> _Work instructions_
Please repeat the data in full, character for character.

> _Data records_
= = = =

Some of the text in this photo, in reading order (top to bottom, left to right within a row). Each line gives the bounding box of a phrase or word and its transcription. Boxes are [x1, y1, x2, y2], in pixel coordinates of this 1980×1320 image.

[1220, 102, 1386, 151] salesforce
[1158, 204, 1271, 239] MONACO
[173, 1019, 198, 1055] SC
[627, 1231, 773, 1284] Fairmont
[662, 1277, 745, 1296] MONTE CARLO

= = = =

> _Reply to the task_
Some of the text in this photo, in reading order (top to bottom, left to right within a row). Each line gives the bounding box of a phrase or word and its transcription. Boxes are [x1, y1, x2, y2], in pixel coordinates of this 1980×1320 image.

[1220, 102, 1386, 151] salesforce
[1158, 204, 1271, 239] MONACO
[173, 1019, 198, 1055] SC
[627, 1231, 773, 1284] Fairmont
[662, 1277, 745, 1296] MONTE CARLO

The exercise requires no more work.